• WORK INSTRUCTION
Please retype every entry as written, and keep the pictures out.

• DATA PROVIDED

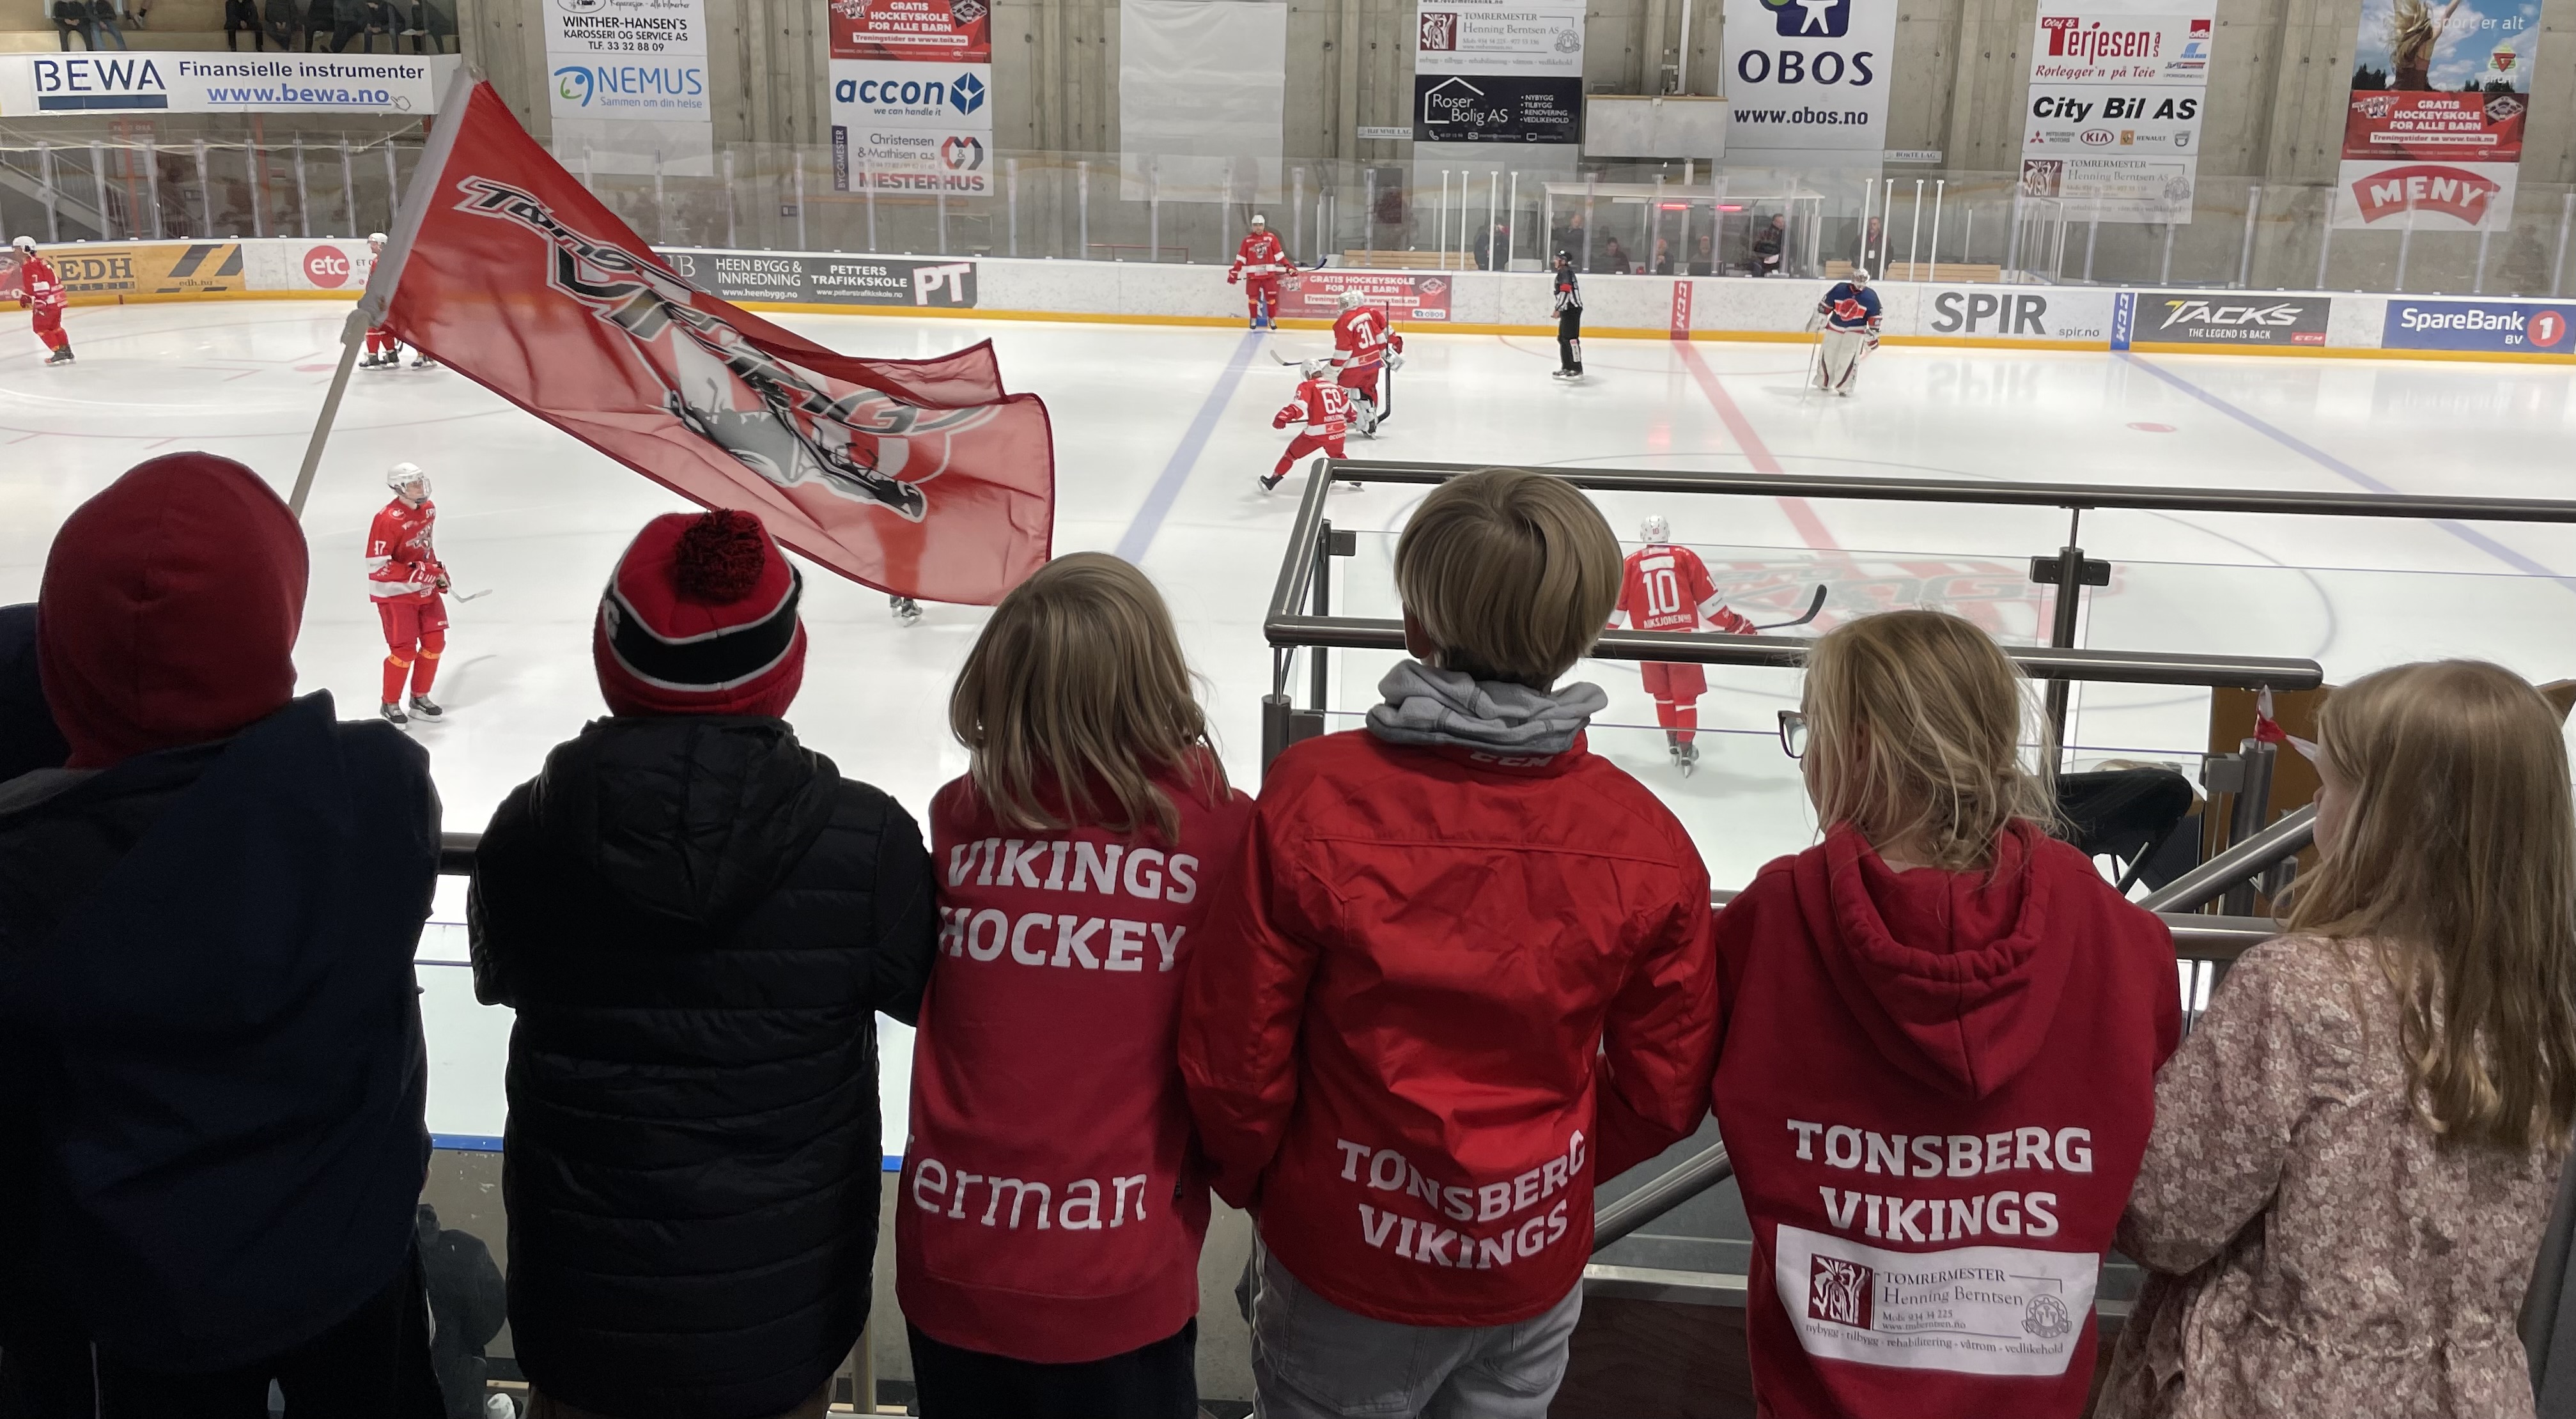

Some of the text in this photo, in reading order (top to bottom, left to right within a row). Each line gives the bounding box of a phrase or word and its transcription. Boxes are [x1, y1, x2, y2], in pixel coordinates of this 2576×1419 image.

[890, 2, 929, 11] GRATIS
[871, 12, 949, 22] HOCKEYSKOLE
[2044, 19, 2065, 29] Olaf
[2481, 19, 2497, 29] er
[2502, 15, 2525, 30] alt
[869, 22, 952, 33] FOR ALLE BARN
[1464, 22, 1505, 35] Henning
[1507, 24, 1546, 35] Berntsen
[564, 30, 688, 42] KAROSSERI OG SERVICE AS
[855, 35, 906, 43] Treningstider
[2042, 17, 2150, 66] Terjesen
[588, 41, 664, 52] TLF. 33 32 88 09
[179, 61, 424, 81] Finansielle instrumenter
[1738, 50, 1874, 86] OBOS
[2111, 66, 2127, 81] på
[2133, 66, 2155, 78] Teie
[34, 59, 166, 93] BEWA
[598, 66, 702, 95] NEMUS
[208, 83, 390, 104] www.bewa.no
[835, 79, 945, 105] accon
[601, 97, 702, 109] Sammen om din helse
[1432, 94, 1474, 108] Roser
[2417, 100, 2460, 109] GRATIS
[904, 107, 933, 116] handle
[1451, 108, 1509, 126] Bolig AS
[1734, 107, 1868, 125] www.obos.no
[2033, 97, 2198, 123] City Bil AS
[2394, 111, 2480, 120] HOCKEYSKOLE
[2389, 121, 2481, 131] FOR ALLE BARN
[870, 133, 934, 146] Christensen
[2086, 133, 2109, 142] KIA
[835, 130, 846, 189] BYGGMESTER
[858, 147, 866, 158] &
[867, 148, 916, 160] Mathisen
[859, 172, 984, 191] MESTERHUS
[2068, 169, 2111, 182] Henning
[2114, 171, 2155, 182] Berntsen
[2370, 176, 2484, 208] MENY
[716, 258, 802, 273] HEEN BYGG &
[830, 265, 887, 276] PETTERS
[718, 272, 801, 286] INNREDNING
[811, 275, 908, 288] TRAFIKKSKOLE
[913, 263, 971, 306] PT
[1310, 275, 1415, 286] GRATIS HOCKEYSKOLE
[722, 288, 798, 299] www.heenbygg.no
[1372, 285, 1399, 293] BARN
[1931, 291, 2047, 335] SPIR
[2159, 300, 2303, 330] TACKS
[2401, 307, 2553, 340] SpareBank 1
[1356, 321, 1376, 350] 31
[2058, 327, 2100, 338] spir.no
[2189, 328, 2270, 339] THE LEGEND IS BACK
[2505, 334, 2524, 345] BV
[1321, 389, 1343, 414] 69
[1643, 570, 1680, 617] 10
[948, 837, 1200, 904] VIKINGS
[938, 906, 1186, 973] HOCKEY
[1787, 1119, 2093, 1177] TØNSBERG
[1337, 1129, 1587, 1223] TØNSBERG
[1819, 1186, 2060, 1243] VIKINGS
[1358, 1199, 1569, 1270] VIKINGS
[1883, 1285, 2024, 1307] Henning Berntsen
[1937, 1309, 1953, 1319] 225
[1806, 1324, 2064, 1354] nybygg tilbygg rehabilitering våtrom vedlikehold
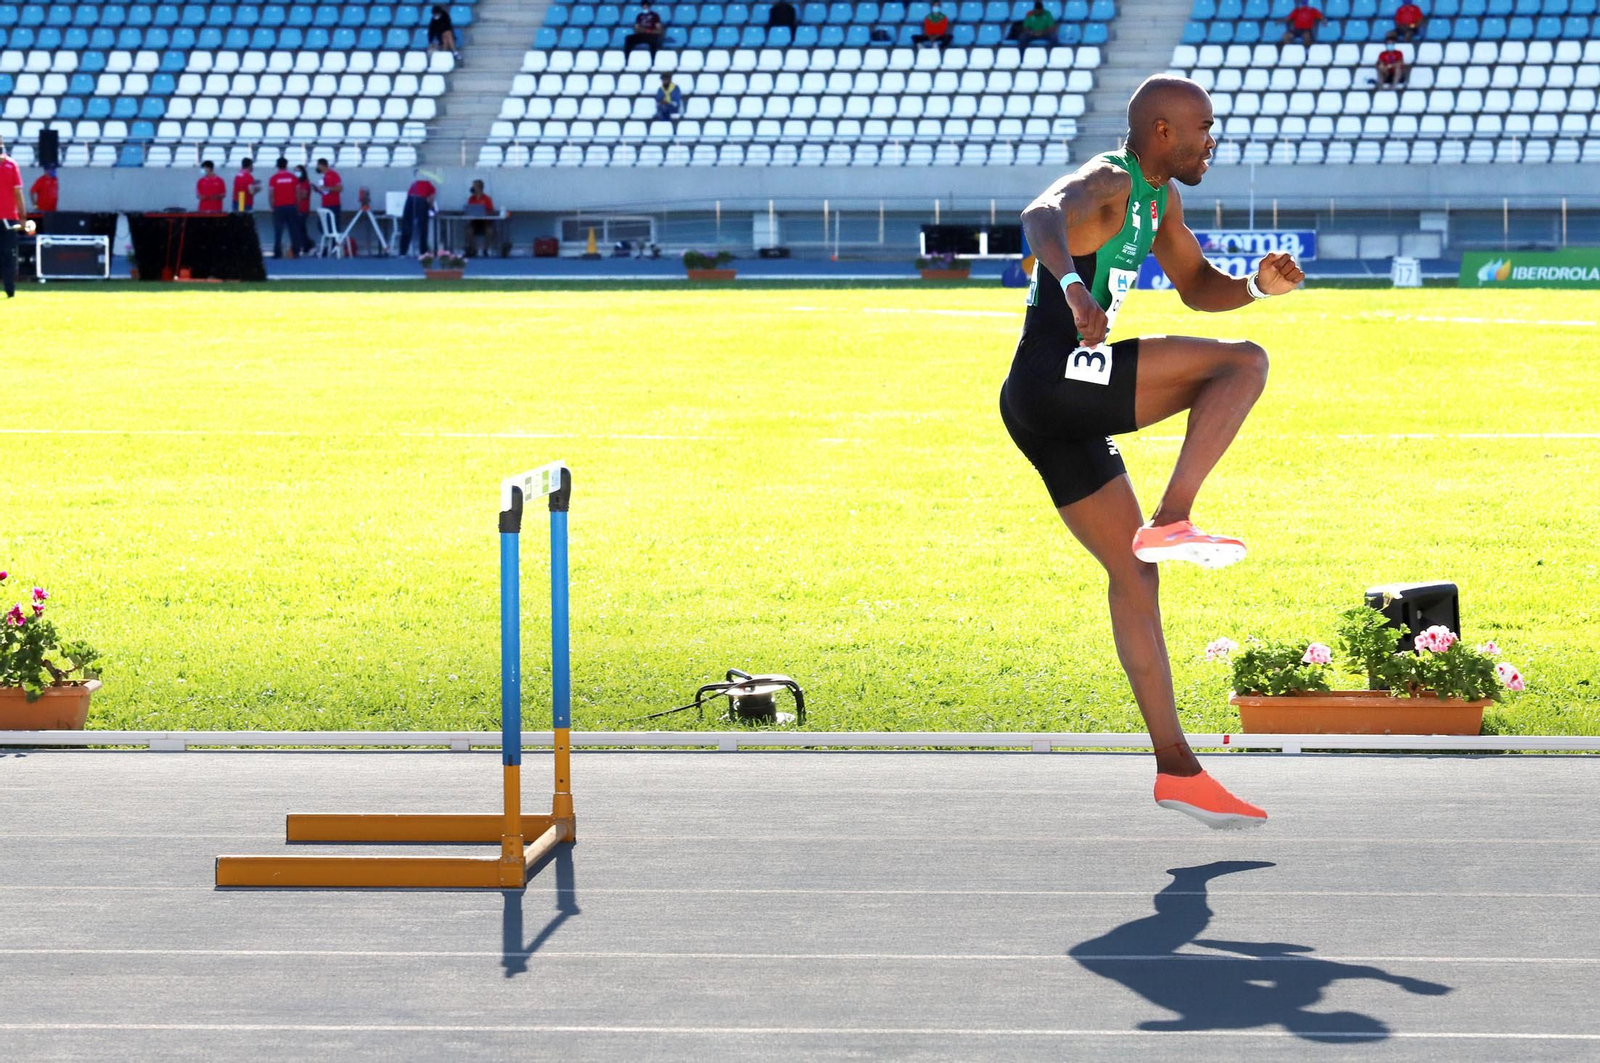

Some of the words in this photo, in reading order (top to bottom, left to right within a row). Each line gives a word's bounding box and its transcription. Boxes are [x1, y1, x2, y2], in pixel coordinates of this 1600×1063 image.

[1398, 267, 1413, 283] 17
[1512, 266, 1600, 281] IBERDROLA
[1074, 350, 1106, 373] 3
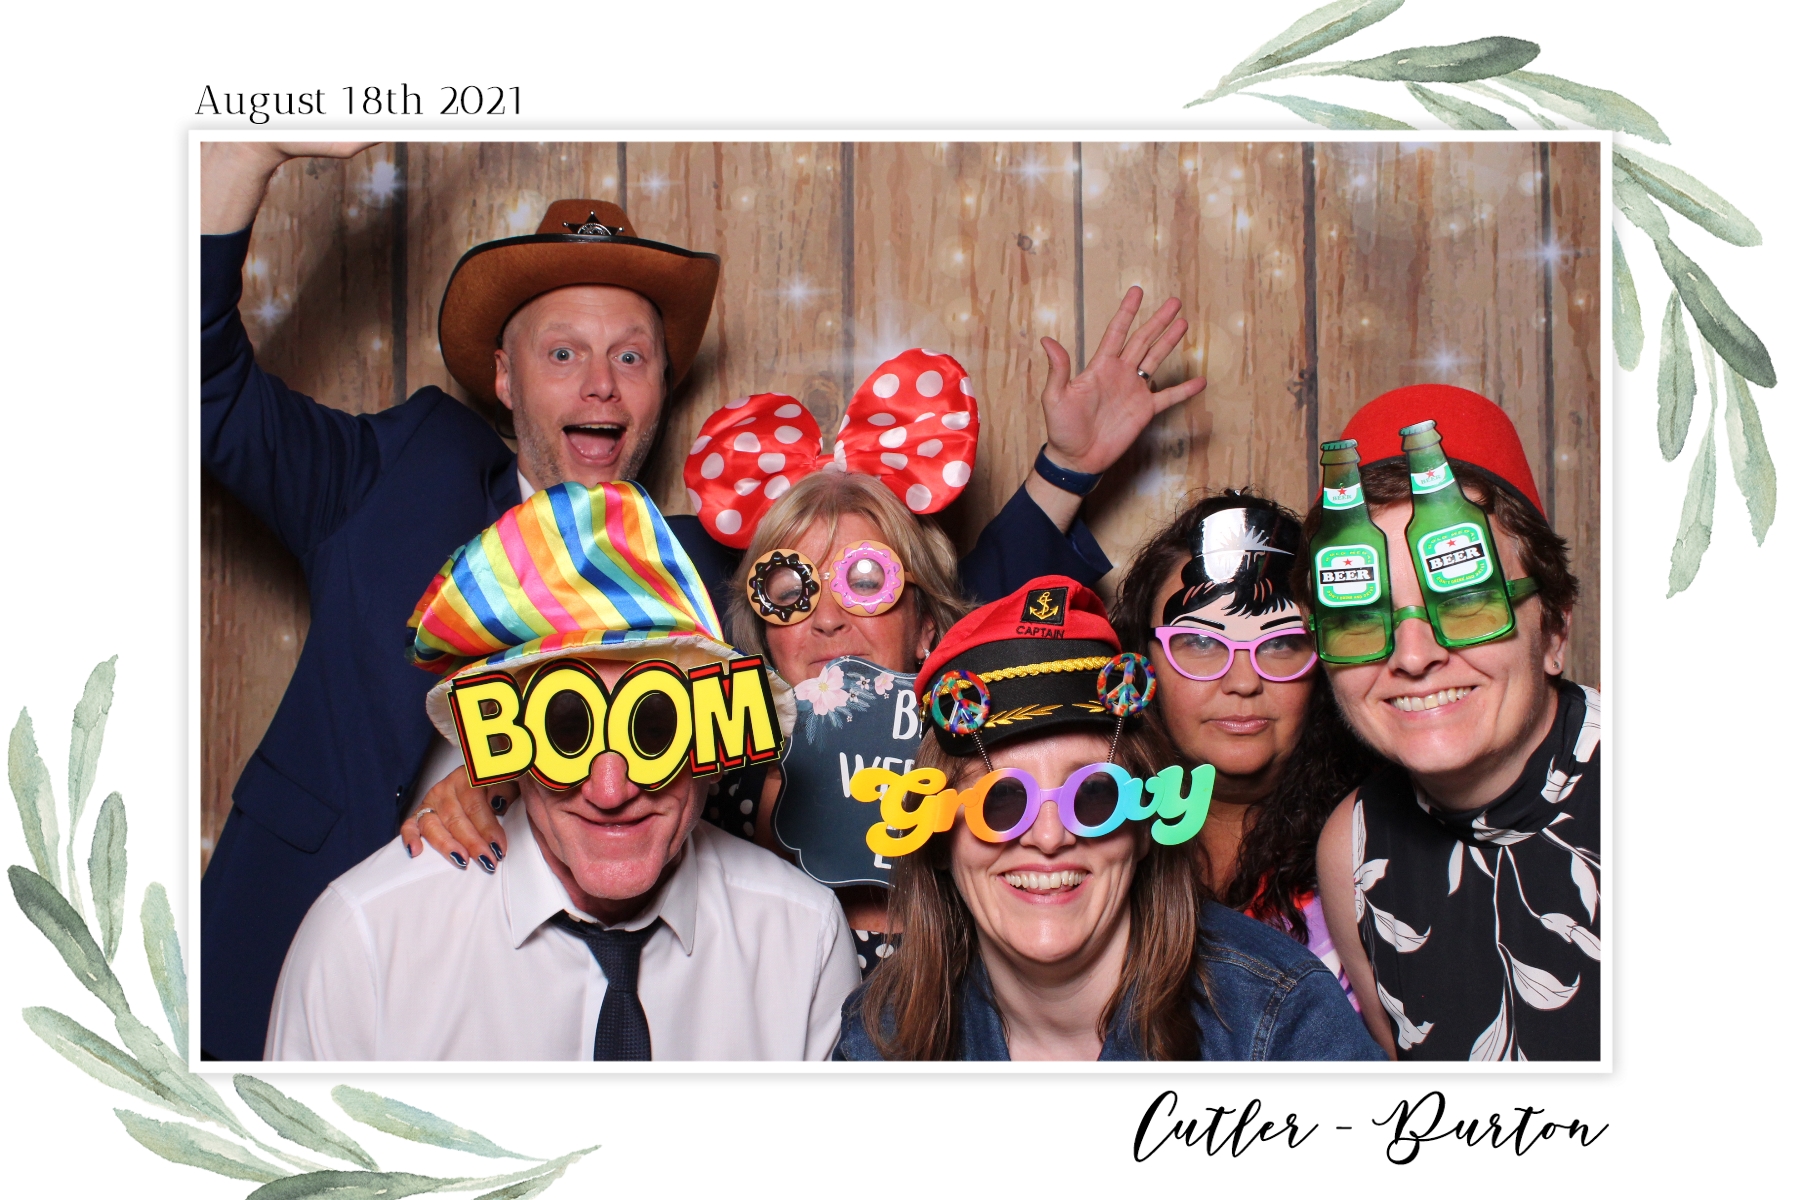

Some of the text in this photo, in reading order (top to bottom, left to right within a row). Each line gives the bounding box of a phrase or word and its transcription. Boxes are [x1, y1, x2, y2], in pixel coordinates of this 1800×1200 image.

• EXERCISE SOLUTION
Some of the text in this photo, in reading order (top to bottom, left to right within a row). Each line gives the bounding box of a phrase or word and its transcription. Boxes are [x1, y1, x2, y2], in pixel coordinates of this 2576×1419 image.

[890, 2, 929, 11] GRATIS
[871, 12, 949, 22] HOCKEYSKOLE
[2044, 19, 2065, 29] Olaf
[2481, 19, 2497, 29] er
[2502, 15, 2525, 30] alt
[869, 22, 952, 33] FOR ALLE BARN
[1464, 22, 1505, 35] Henning
[1507, 24, 1546, 35] Berntsen
[564, 30, 688, 42] KAROSSERI OG SERVICE AS
[855, 35, 906, 43] Treningstider
[2042, 17, 2150, 66] Terjesen
[588, 41, 664, 52] TLF. 33 32 88 09
[179, 61, 424, 81] Finansielle instrumenter
[1738, 50, 1874, 86] OBOS
[2111, 66, 2127, 81] på
[2133, 66, 2155, 78] Teie
[34, 59, 166, 93] BEWA
[598, 66, 702, 95] NEMUS
[208, 83, 390, 104] www.bewa.no
[835, 79, 945, 105] accon
[601, 97, 702, 109] Sammen om din helse
[1432, 94, 1474, 108] Roser
[2417, 100, 2460, 109] GRATIS
[904, 107, 933, 116] handle
[1451, 108, 1509, 126] Bolig AS
[1734, 107, 1868, 125] www.obos.no
[2033, 97, 2198, 123] City Bil AS
[2394, 111, 2480, 120] HOCKEYSKOLE
[2389, 121, 2481, 131] FOR ALLE BARN
[870, 133, 934, 146] Christensen
[2086, 133, 2109, 142] KIA
[835, 130, 846, 189] BYGGMESTER
[858, 147, 866, 158] &
[867, 148, 916, 160] Mathisen
[859, 172, 984, 191] MESTERHUS
[2068, 169, 2111, 182] Henning
[2114, 171, 2155, 182] Berntsen
[2370, 176, 2484, 208] MENY
[716, 258, 802, 273] HEEN BYGG &
[830, 265, 887, 276] PETTERS
[718, 272, 801, 286] INNREDNING
[811, 275, 908, 288] TRAFIKKSKOLE
[913, 263, 971, 306] PT
[1310, 275, 1415, 286] GRATIS HOCKEYSKOLE
[722, 288, 798, 299] www.heenbygg.no
[1372, 285, 1399, 293] BARN
[1931, 291, 2047, 335] SPIR
[2159, 300, 2303, 330] TACKS
[2401, 307, 2553, 340] SpareBank 1
[1356, 321, 1376, 350] 31
[2058, 327, 2100, 338] spir.no
[2189, 328, 2270, 339] THE LEGEND IS BACK
[2505, 334, 2524, 345] BV
[1321, 389, 1343, 414] 69
[1643, 570, 1680, 617] 10
[948, 837, 1200, 904] VIKINGS
[938, 906, 1186, 973] HOCKEY
[1787, 1119, 2093, 1177] TØNSBERG
[1337, 1129, 1587, 1223] TØNSBERG
[1819, 1186, 2060, 1243] VIKINGS
[1358, 1199, 1569, 1270] VIKINGS
[1883, 1285, 2024, 1307] Henning Berntsen
[1937, 1309, 1953, 1319] 225
[1806, 1324, 2064, 1354] nybygg tilbygg rehabilitering våtrom vedlikehold

Some of the words in this photo, in reading order (top to bottom, left to right within a row). Each line gives a word's bounding box and its transcription. Boxes are [x1, y1, x2, y2], in pixel coordinates of this 1600×1063 image.

[1398, 267, 1413, 283] 17
[1512, 266, 1600, 281] IBERDROLA
[1074, 350, 1106, 373] 3

Some of the text in this photo, in reading order (top to bottom, left to right within a row). Each line gives the bounding box of a phrase or word and its transcription. Boxes are [x1, y1, x2, y2], in pixel coordinates of this 1800×1200 image.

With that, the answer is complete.